Prisão atinge também diretor da ANM em ação que bloqueou R$ 1,5 bilhão
O delegado da Polícia Federal, Rodrigo de Melo Teixeira, foi preso nesta quarta-feira (17) na Operação Rejeito, que investiga um esquema de corrupção em agências federais para liberar autorizações irregulares na mineração. Até a prisão, ele integrava o Comitê de Segurança, Meio Ambiente e Saúde da Petrobras, além de ocupar cargos estratégicos em órgãos do setor de energia.
Apontado como integrante do grupo dos chamados “Silveirinhas”, pessoas de confiança do ministro de Minas e Energia, Alexandre Silveira, Teixeira ocupava funções de peso. Além da Petrobras, era diretor de Administração e Finanças do Serviço Geológico do Brasil e conselheiro fiscal da Empresa Brasileira de Participações em Energia Nuclear e Binacional, as duas ligadas à pasta de Silveira.
Na Petrobras, sua renúncia foi imediata. A companhia confirmou a saída, frisando não ter “qualquer relação com os fatos investigados na Operação Rejeito”. A presença de Teixeira na estatal vinha desde a gestão de Jean Paul Prates, mantida sob a atual presidente Magda Chambriard, mesmo após disputas internas patrocinadas pelo ministro Silveira.

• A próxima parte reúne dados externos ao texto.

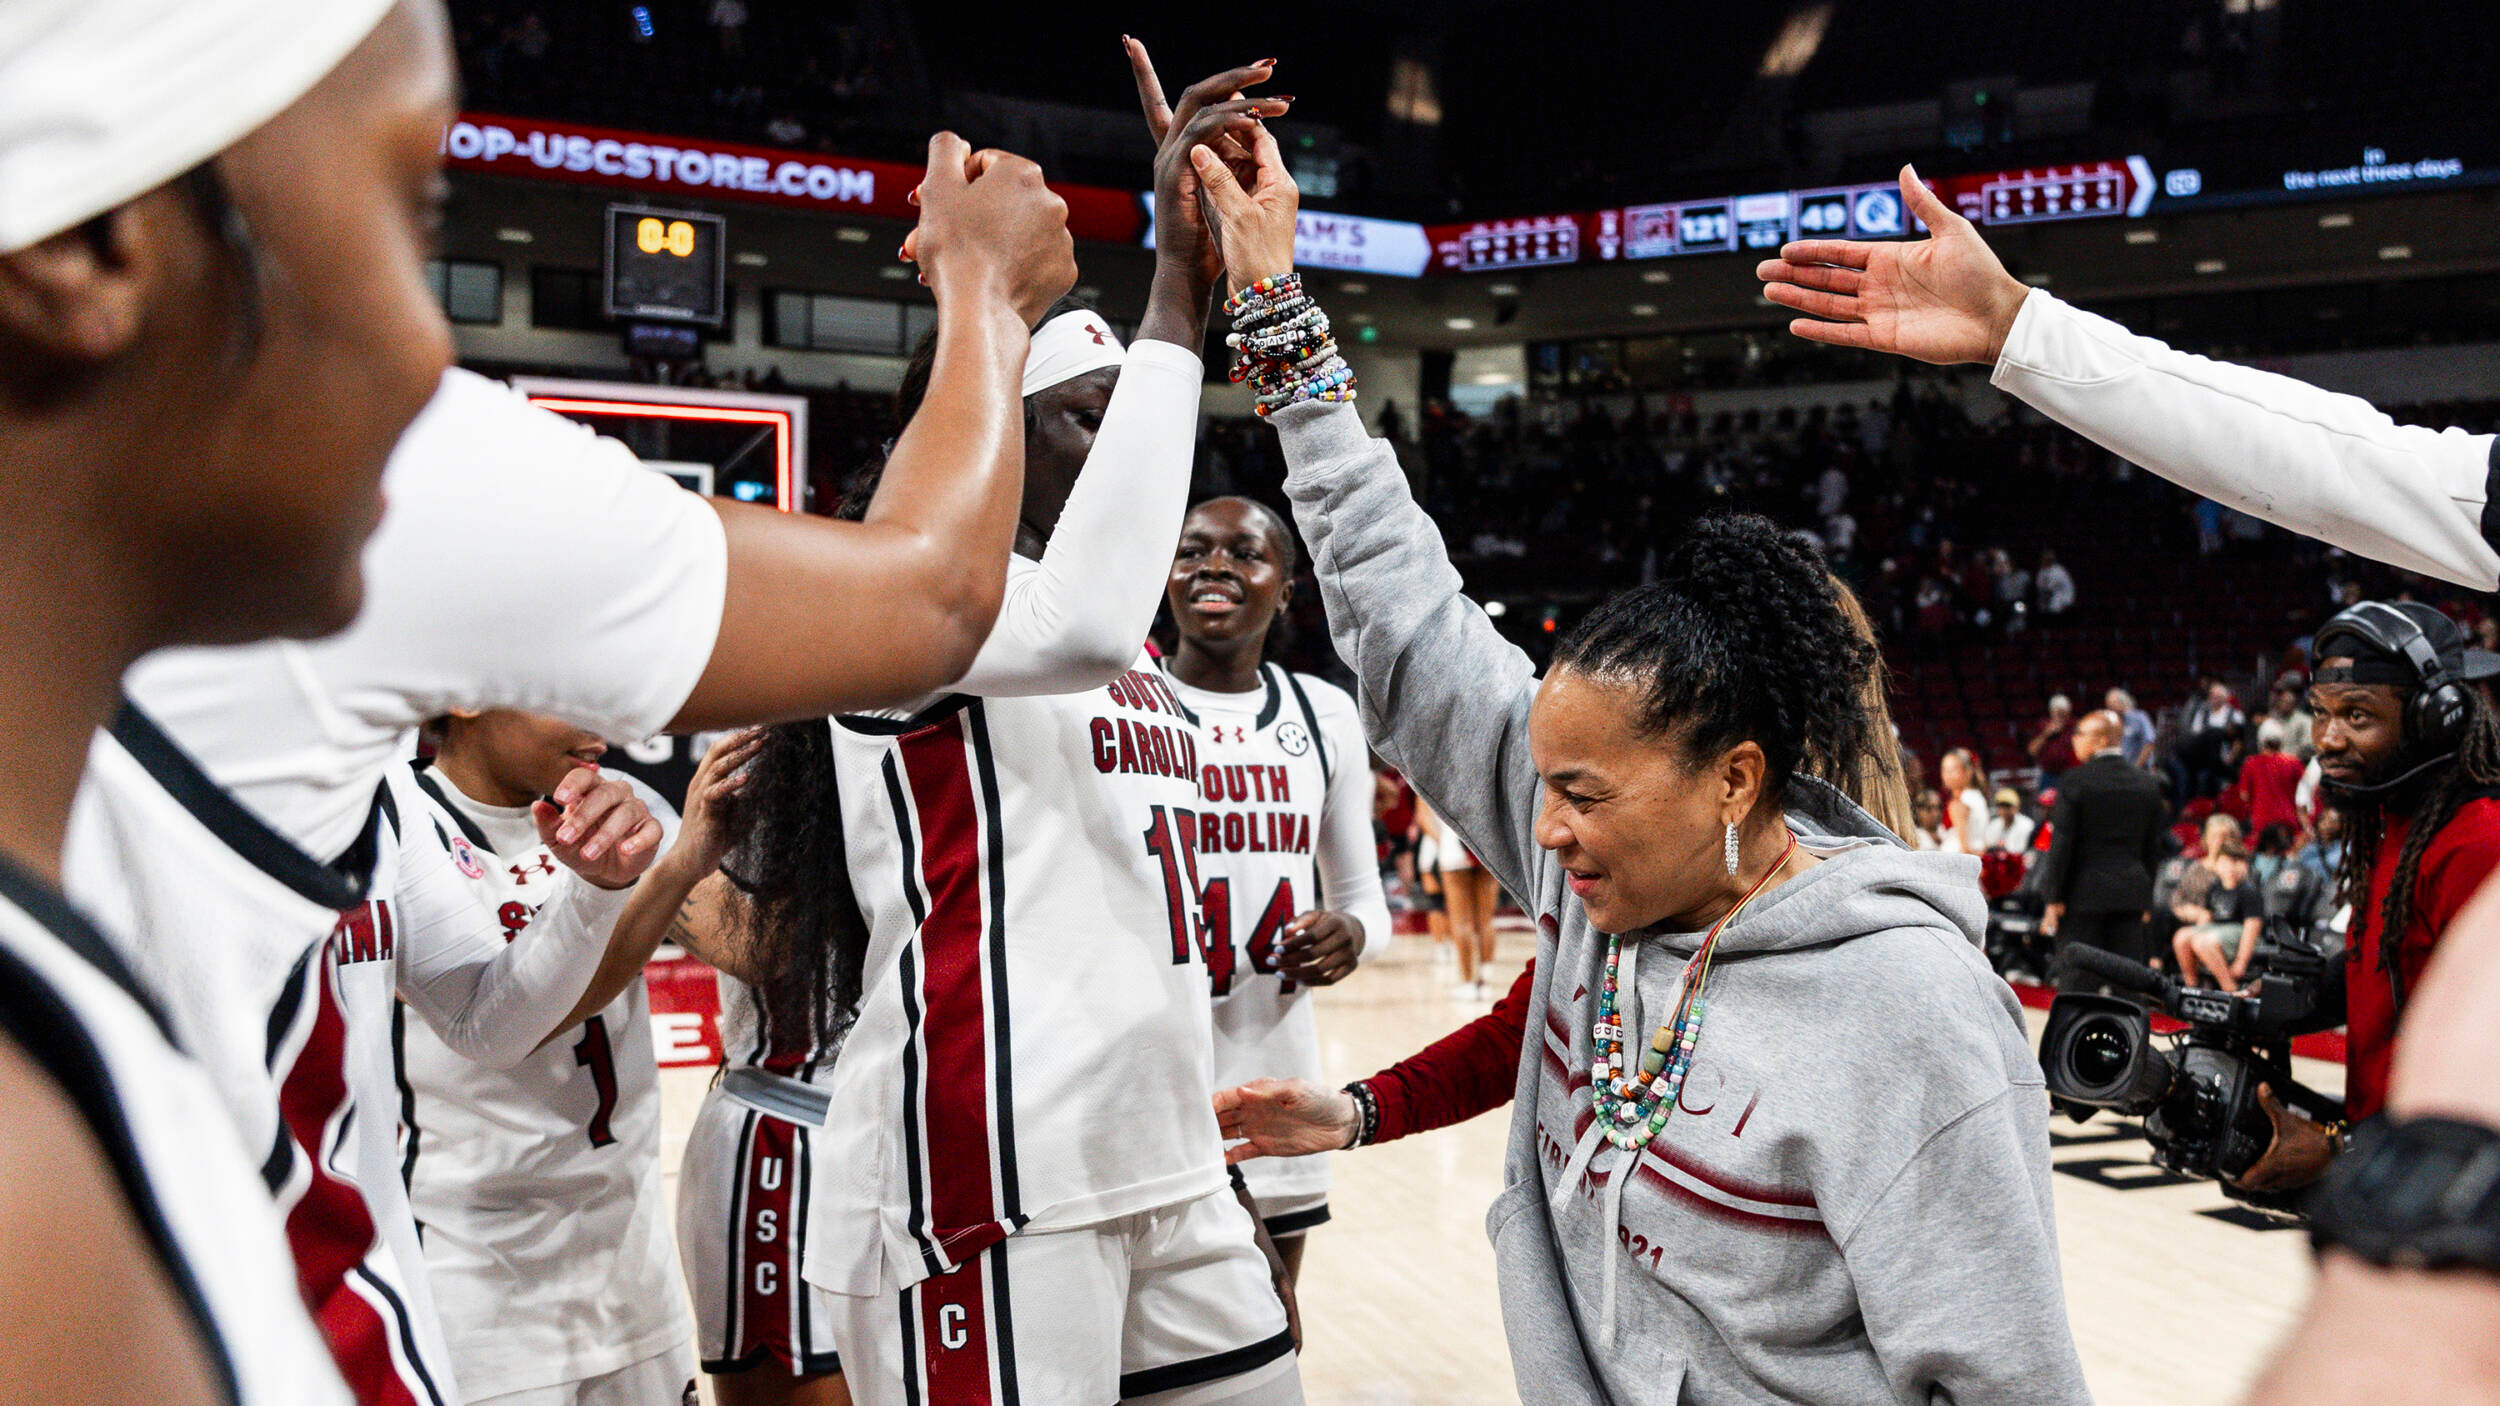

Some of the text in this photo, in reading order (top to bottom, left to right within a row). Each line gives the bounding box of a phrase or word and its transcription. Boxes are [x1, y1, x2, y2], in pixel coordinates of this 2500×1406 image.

[441, 121, 874, 204] OP-USCSTORE.COM
[2284, 157, 2463, 191] the next three days
[2364, 147, 2386, 166] in
[1681, 214, 1729, 243] 121
[1198, 764, 1291, 803] OUTH
[1199, 812, 1310, 855] ROLINA
[573, 1013, 619, 1149] 1
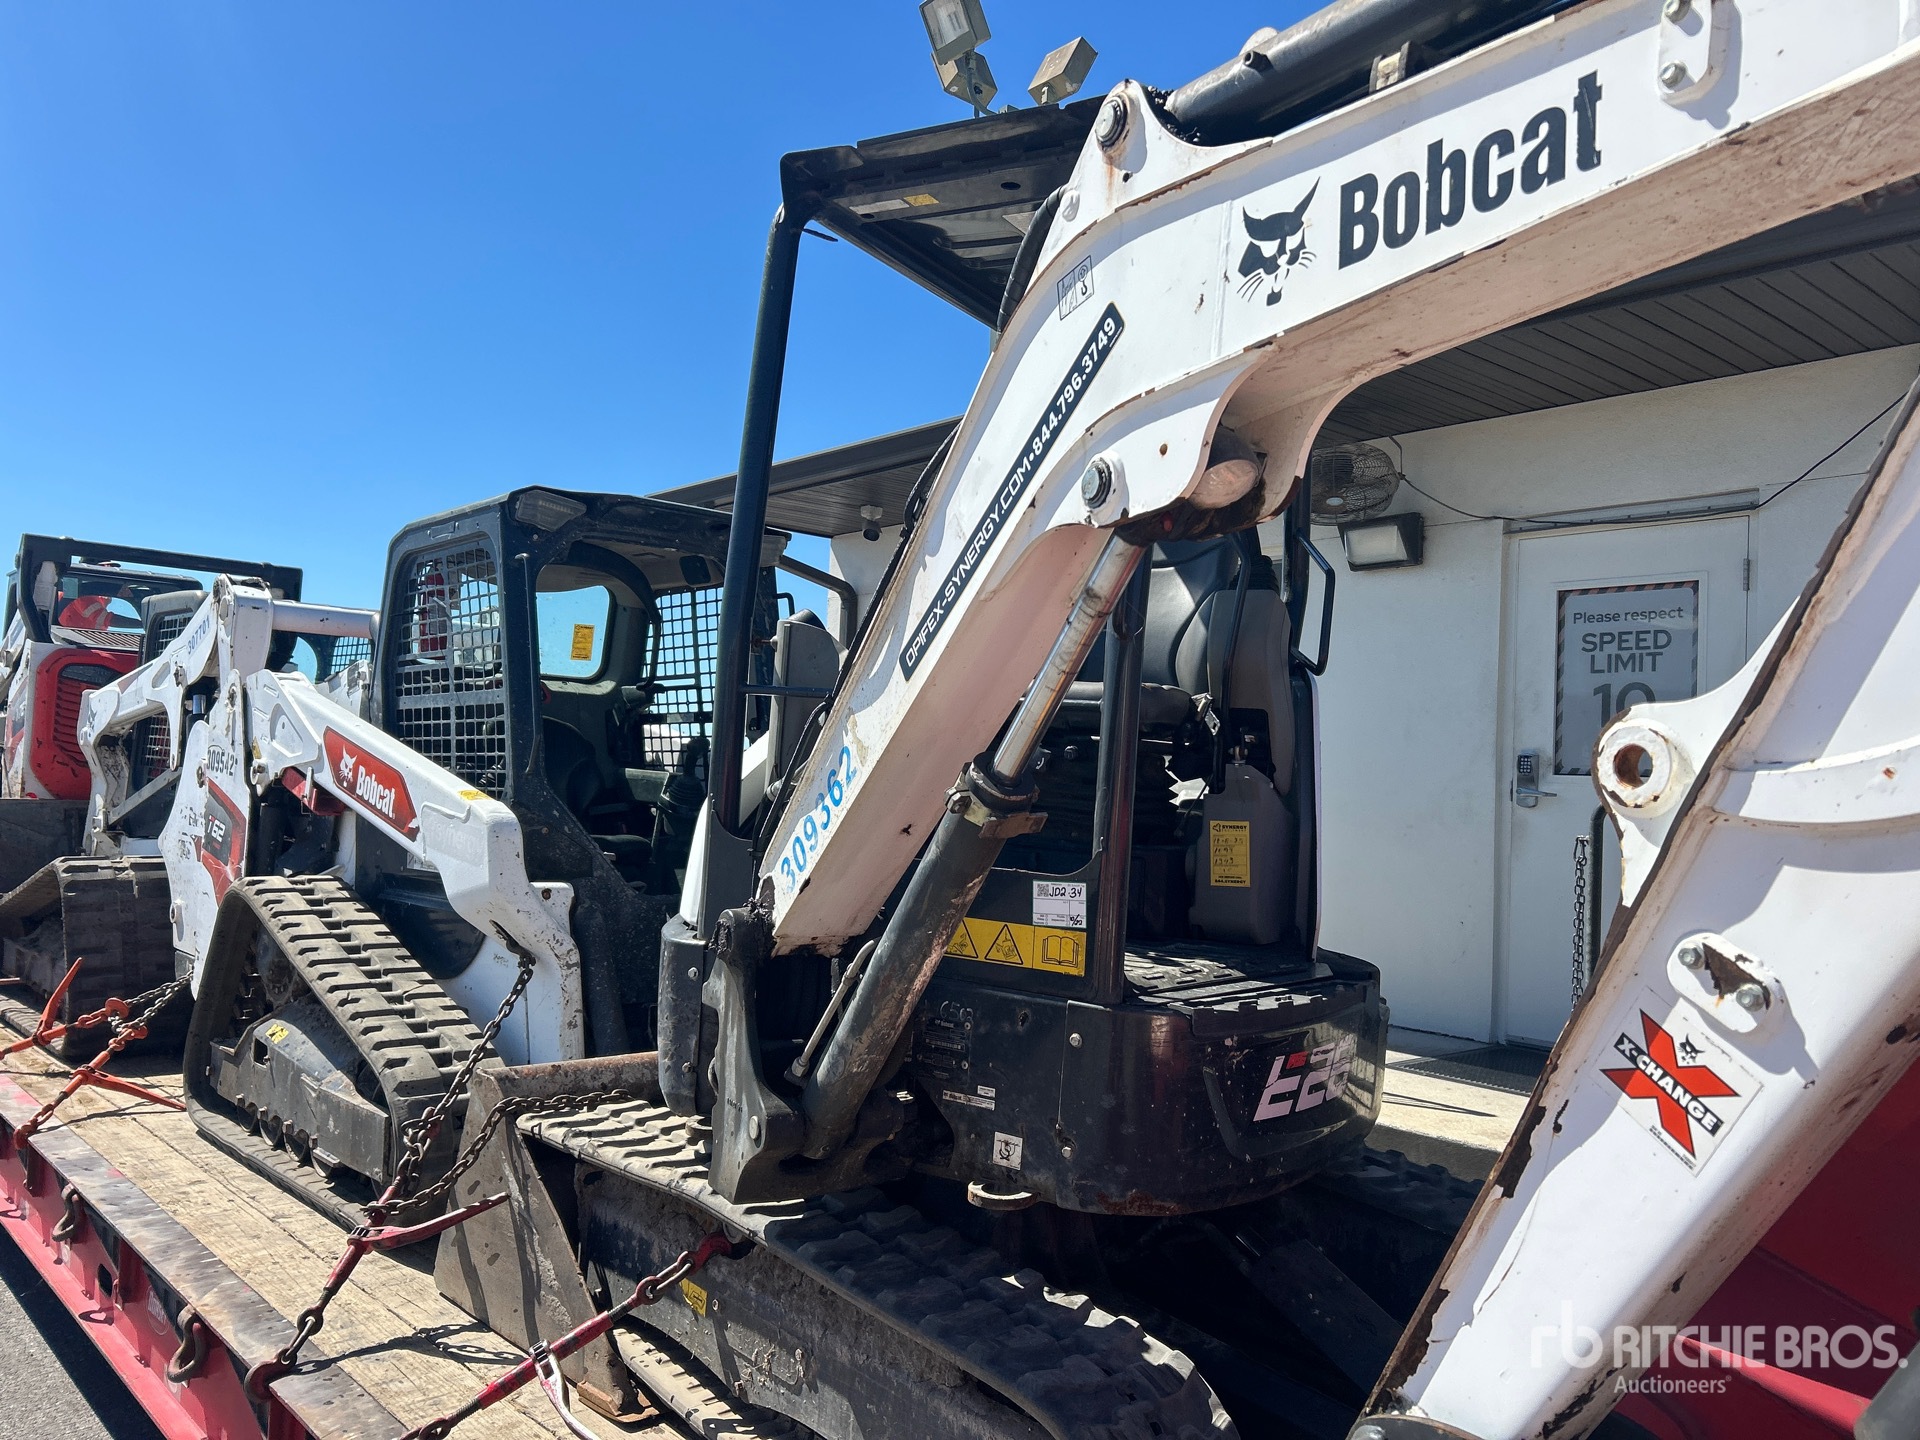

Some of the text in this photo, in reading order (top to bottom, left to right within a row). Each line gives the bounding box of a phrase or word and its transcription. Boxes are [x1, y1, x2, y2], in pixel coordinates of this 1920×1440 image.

Teixeira já chefiou a Superintendência da PF em Minas Gerais (2018-2019), presidiu a Fundação Estadual de Meio Ambiente na gestão do petista Fernando Pimentel e foi secretário-adjunto de Segurança em Belo Horizonte durante o governo de Alexandre Kalil (PSD). No governo Lula, ocupou até o início deste ano o cargo de diretor administrativo da PF, o terceiro mais alto posto da corporação.
A Operação Rejeito cumpriu 22 mandados de prisão e 79 de busca e apreensão em Minas Gerais, incluindo a prisão do diretor da Agência Nacional de Mineração (ANM), Caio Mario Seabra. As autoridades também determinaram o bloqueio de R$ 1,5 bilhão.
Segundo as investigações, Teixeira é acusado de ser sócio de uma empresa de mineração envolvida no esquema. O grupo corrompia servidores federais e estaduais para validar licenças ambientais fraudulentas. A ação foi conduzida pela PF em parceria com a Controladoria-Geral da União (CGU), com apoio do Ministério Público Federal e da Receita Federal.